Quick Start in 3 Steps
1. Upload CSV
Export keyword data from Semrush, Ahrefs, or any SEO tool. Upload the CSV/XLSX file.
2. Analyze Keywords
View KDROI scores, filter by difficulty, and identify the best opportunities.
3. Generate Plan
Get a complete site building plan with revenue projections and content outlines.
Understanding KDROI
KDROI = (Volume × CPC) / (KD + 1)
KDROI (Keyword Difficulty Return on Investment) combines search volume, cost-per-click, and keyword difficulty into a single score that represents profitability potential.
KDROI Score Ranges
Uploading Your Data
Required Columns
Your CSV file must include these columns (we auto-detect common variations):
- Keyword - The search keyword text
- Volume - Monthly search volume (also: Search Volume)
- KD - Keyword Difficulty 0-100 (also: Keyword Difficulty)
- CPC - Cost per click in USD
Exporting from SEO Tools
Semrush
Keyword Magic Tool → Select keywords → Export → CSV
Ahrefs
Keywords Explorer → Export → Full export CSV
Understanding Site Type Judgment
Our AI analyzes your keyword and recommends the best site type to build:
Tool Site
Best for keywords containing: calculator, converter, generator, checker, tool, etc.
Example: "mortgage calculator", "unit converter", "password generator"
Content Site
Best for informational queries: how to, guide, tutorial, review, comparison, etc.
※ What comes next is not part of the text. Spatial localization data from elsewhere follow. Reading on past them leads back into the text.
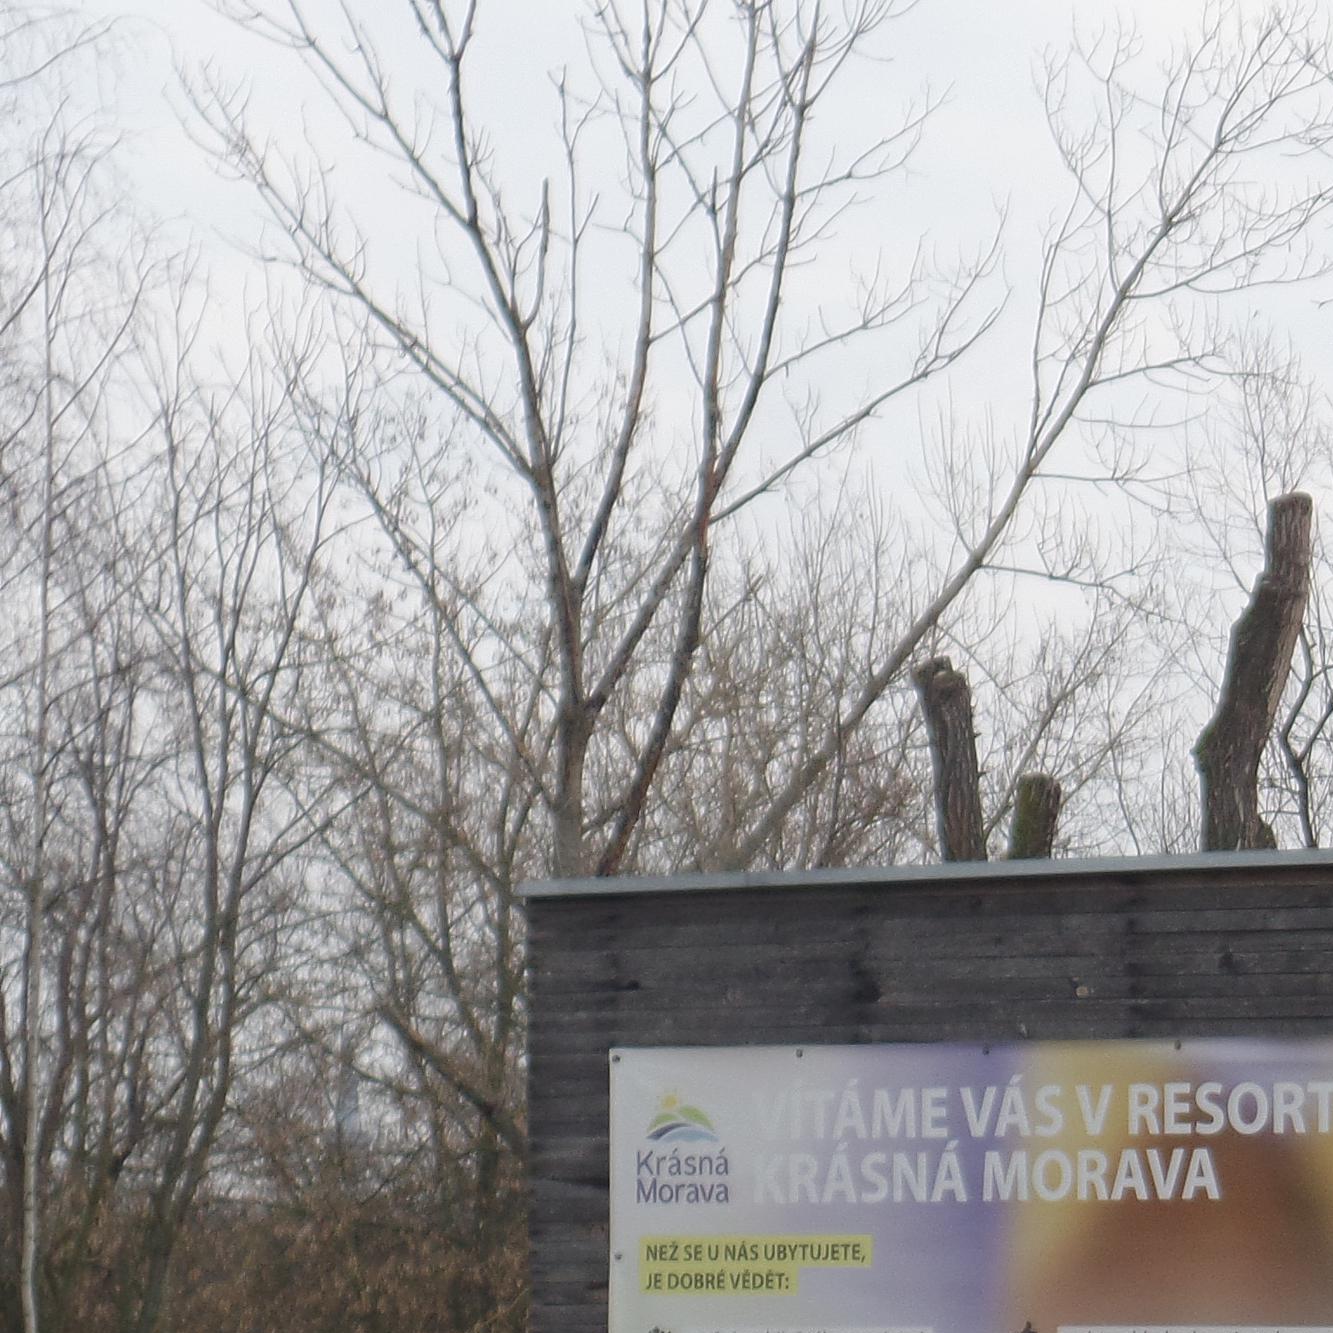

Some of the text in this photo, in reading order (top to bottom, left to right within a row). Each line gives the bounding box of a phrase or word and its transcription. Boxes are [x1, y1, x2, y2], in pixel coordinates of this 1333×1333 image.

[750, 1077, 948, 1140] VÍTÁME
[960, 1074, 1064, 1139] VÁS
[1074, 1085, 1114, 1137] V
[636, 1147, 729, 1177] Krásná
[751, 1140, 1220, 1204] KRÁSNÁ MORAVA
[636, 1178, 729, 1204] Morava
[646, 1240, 866, 1263] NEŽ SE U NÁS UBYTUJETE,
[645, 1268, 790, 1291] JE DOBRÉ VĚDĚT:
Example: "how to invest in stocks", "best running shoes 2025"
Hybrid Site
When the keyword could benefit from both tool functionality and content.
Example: "calorie counter" (tool + diet content)
Tips for Success
Focus on KDROI > 1000
Keywords with KDROI above 1000 offer the best balance of effort vs. reward.
Balance KD and Volume
High volume with high KD requires significant SEO effort. Start with KD under 30 for quick wins.
Start with Low Competition
Build domain authority with easy keywords first, then target harder ones.
Use Word Root Filtering
Filter by word roots to find related keyword clusters for content planning.